As a Gen X-er, I grew up to believe that we were more modern, more progressive and more right than my parents’ generation. And I still like to think we are in some ways. But you also realise, as you get older, that we have a lot to learn from previous generations. So now, as a new generation comes along that is more modern, more progressive and more right than mine, we should welcome them, and welcome them in the hope that they will realise, in time, that while they know it all, there’s something to be learnt from those of us who’ve been around a bit longer.

So whither our Republic? In the past 70 years we have seen extraordinary generations who brought about extraordinary change. The gun was taken out of our politics. Women came out of the home. The yoke of the church as an instrument of governing people was largely thrown off. We came out economically and socially from the shadow of the UK and created fleeting economic miracles and steady economic progress. The EU changed forever the dynamic between us and our near neighbour, and it could do so again. We stayed farmers but we also became technologists, financiers, property moguls, inventors and investors. Our culture nurtured us, stayed alive and kept evolving. We took the music of the UK and America and added our own unique blue-eyed soul to it and sold it back to them. There was a time when U2 were the best American band in the world. The greatest living legacy of punk is probably a poet from Tipp, reared on the Dubliners. We took the language of the UK and America, too, and wrote some of the greatest books in that language.

We sent our best abroad at times, and they built America and gave that nation its most iconic presidents.
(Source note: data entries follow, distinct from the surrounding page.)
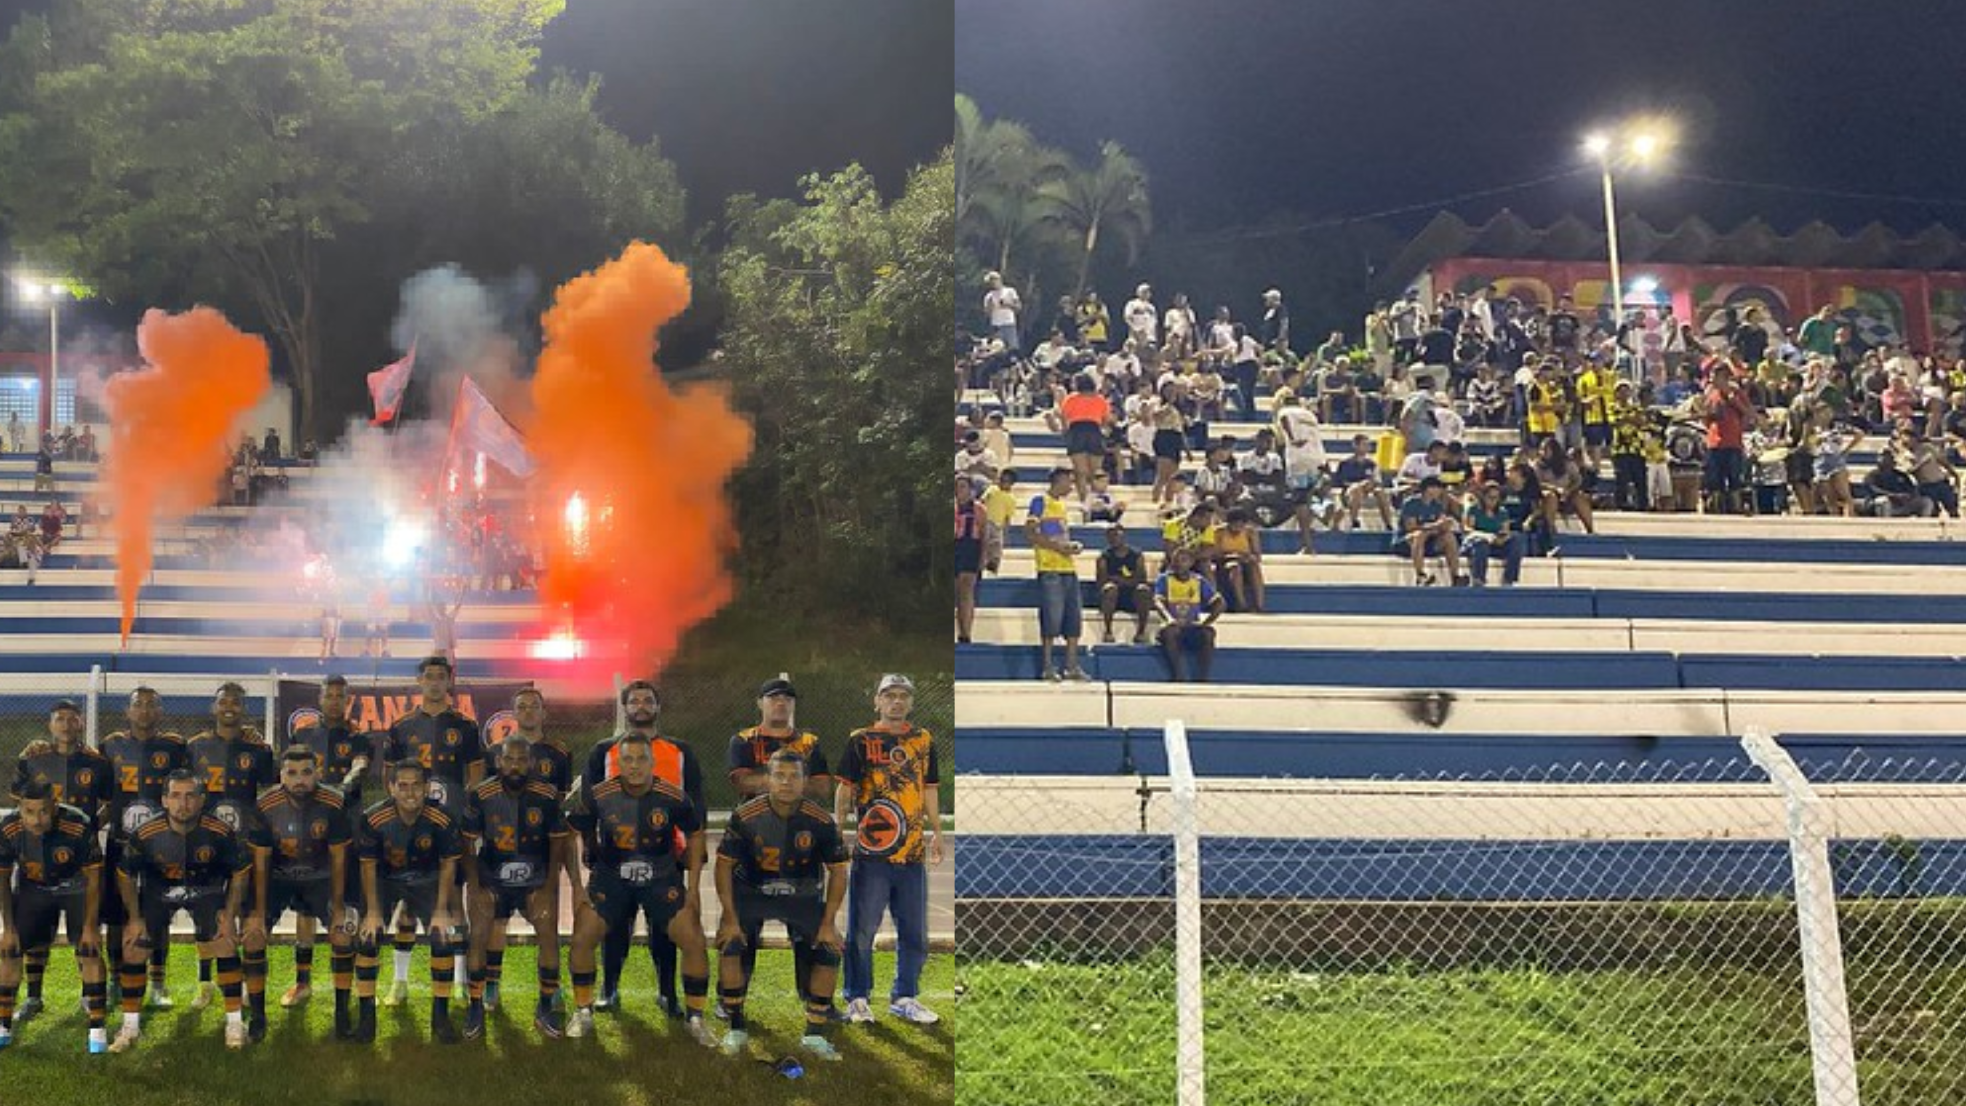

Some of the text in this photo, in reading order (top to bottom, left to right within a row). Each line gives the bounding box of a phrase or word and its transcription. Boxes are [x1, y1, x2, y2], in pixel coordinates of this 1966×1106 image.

[121, 765, 139, 792] Z
[207, 766, 225, 792] Z
[497, 825, 516, 851] Z
[616, 825, 637, 850] Z
[762, 846, 780, 872] Z
We even had a hand in America’s first black president, who claimed links to a small village near a vast petrol station in Offaly. We absorbed the most English games of golf and rugby and showed them how it’s done at times.

Economically and culturally, we went from an introverted, protectionist clenched fist to a small open economy that adapted fast to the rest of the world, and always added an extra something of our own to anything we put our hand to.

And now we have a generation who can take all that progress and those achievements as their baseline and take it to the next level. It is a generation which has a confidence previous generations never had, or if they did, had to work hard to gain. Millennials are mercifully devoid of the poison of nationalism that was instilled in previous generations.

Technology has set them free, and made them true citizens of the world. It has, in many ways, taken away barriers to entry too, and has meant that their creativity and imaginations are no longer limited so much by being stuck on a small rock off Europe. This is a generation without any of our baggage.

Put aside for a moment all the reasons they have to resent the legacy, economic and otherwise, we’ve left them.

In terms of potential, these kids, with much of the heavy lifting done for them, will surely create a kinder, more creative, less dysfunctional, more diverse, more tolerant, more confident, more industrious, more daring, fairer Republic. And let them remember while they do that, that though there was much left to improve when they got the place, the people of the previous 70 years had done their bit too.

And jetpacks. Obviously, there’ll be jetpacks, too.